James Balsey, of the Aids division of the US National Institutes of Health, briefed British scientists on the results of the American-led AZT trial at the Medical Research Council's annual meeting on Aids in Manchester, which ends today.

He said about 400 women took part in the experiment and those given AZT had a risk of transmission of about 8 per cent, compared with 25 per cent for those taking a placebo. The trial was stopped earlier this year because the US authorities deemed it unethical to continue prescribing the placebo.

The women and children suffered few, if any, side-effects, Dr Balsey said. 'There was nothing here we could attribute to the effect of the drug.' However, each child will be monitored for 21 years to see if there are any long- term effects.

Dr Balsey was asked by MRC researchers whether it was ethically acceptable to give a drug with known toxicity to pregnant women, many of whom may not have been fully aware of the long- term risks. He replied that there was extensive consulatation before the trial went ahead and the volunteers spent many weeks, or sometimes months, discussing the risk with trained counsellors.

Dr Newell said the ethics of a much bigger trial involving women in Britain are fraught with difficulties. 'We don't know the long-term effects on a child and it's very difficult to get informed consent. It's still a very difficult issue.' One fear is that AZT, which affects bone marrow cells, may increase the risk of childhood leukaemia. Despite the concern, some doctors in Britain are already prescribing AZT to pregnant HIV- positive women following the results of the American trial. 'Many clinicians have already started,' she said, although they are doing it on the basis that the drug may benefit the mothers rather than lessen the risk of HIV transmission.
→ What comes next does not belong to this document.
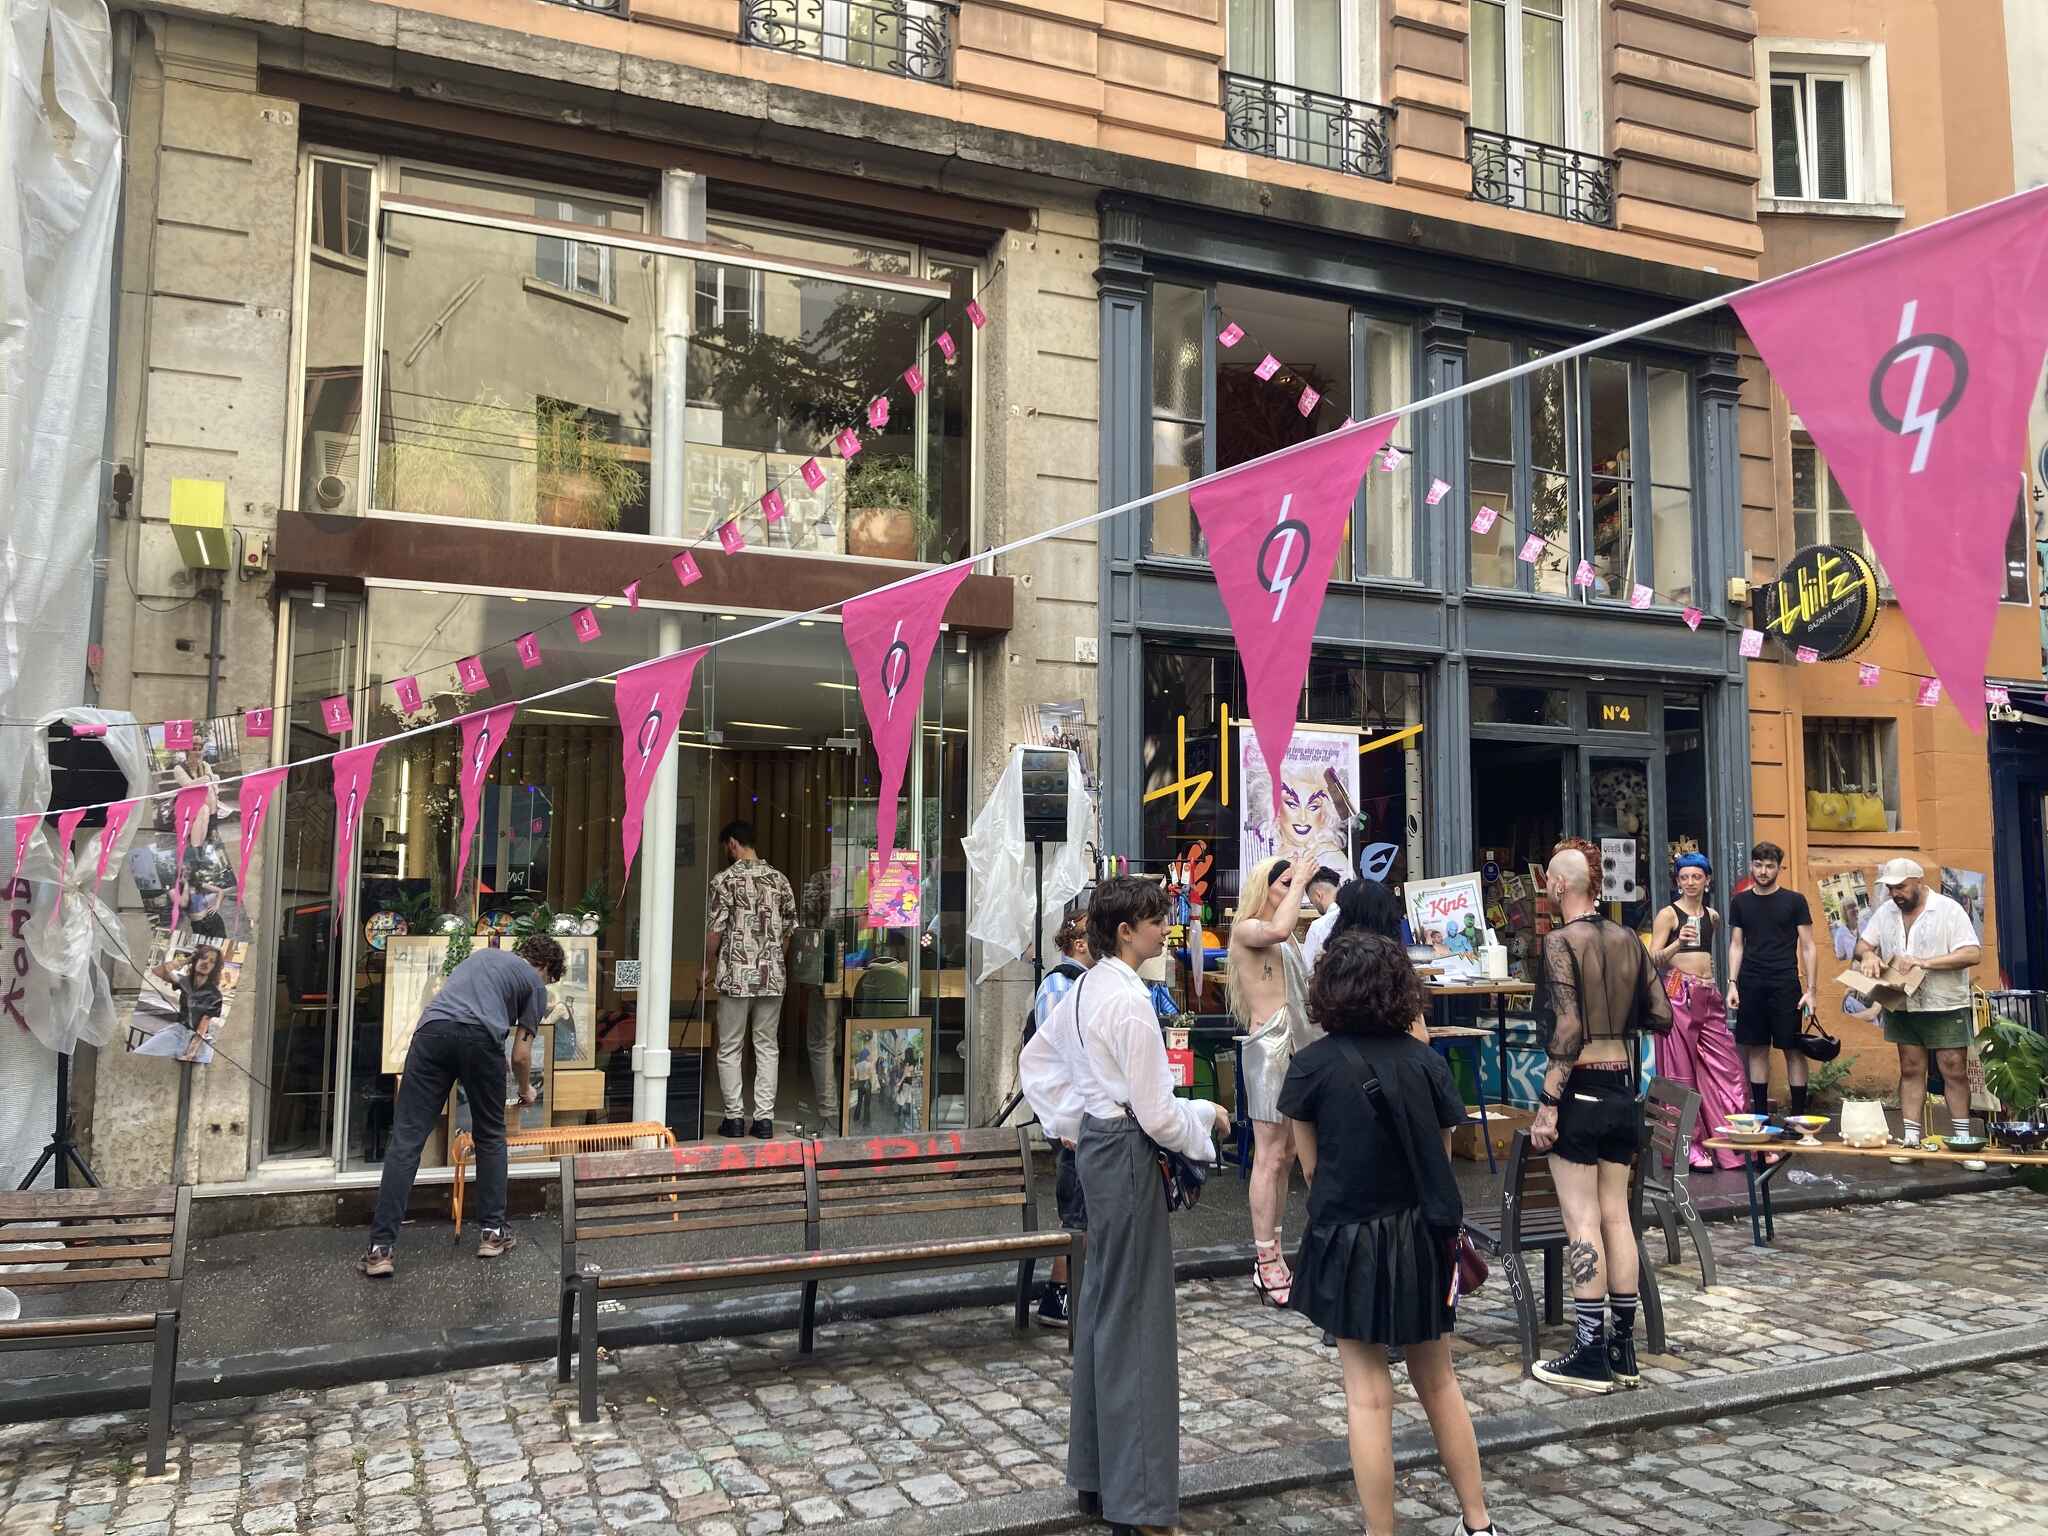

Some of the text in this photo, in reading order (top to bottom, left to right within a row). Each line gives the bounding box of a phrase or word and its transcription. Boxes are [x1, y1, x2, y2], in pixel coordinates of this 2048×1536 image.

In European countries, the risk of mother-to-child transmission is estimated to be in the region of 15 to 20 per cent, but can rise to 30 per cent in African countries.
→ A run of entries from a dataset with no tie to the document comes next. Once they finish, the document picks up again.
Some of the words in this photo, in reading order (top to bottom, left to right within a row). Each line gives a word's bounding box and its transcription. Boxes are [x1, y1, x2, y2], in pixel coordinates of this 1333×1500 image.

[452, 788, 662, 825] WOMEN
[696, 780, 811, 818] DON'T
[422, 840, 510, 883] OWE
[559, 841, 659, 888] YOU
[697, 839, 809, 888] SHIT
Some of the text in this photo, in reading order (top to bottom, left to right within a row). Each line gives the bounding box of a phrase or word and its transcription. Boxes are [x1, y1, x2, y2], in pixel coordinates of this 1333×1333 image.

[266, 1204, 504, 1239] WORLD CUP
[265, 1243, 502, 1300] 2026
Researchers at the Government's Public Health Laboratory Service estimate that between 255 and 273 babies in Britain were born to HIV-positive women in 1993.

In the Edinburgh region, one newborn baby in every thousand births is HIV-positive, compared with 1 in 570 in London and 1 in 9,000 in the UK as a whole. A study in which scientists tested blood samples anonymously from all newborn infants in Scotland revealed that out of 77 HIV-positive babies, only about half were known to local health authorities.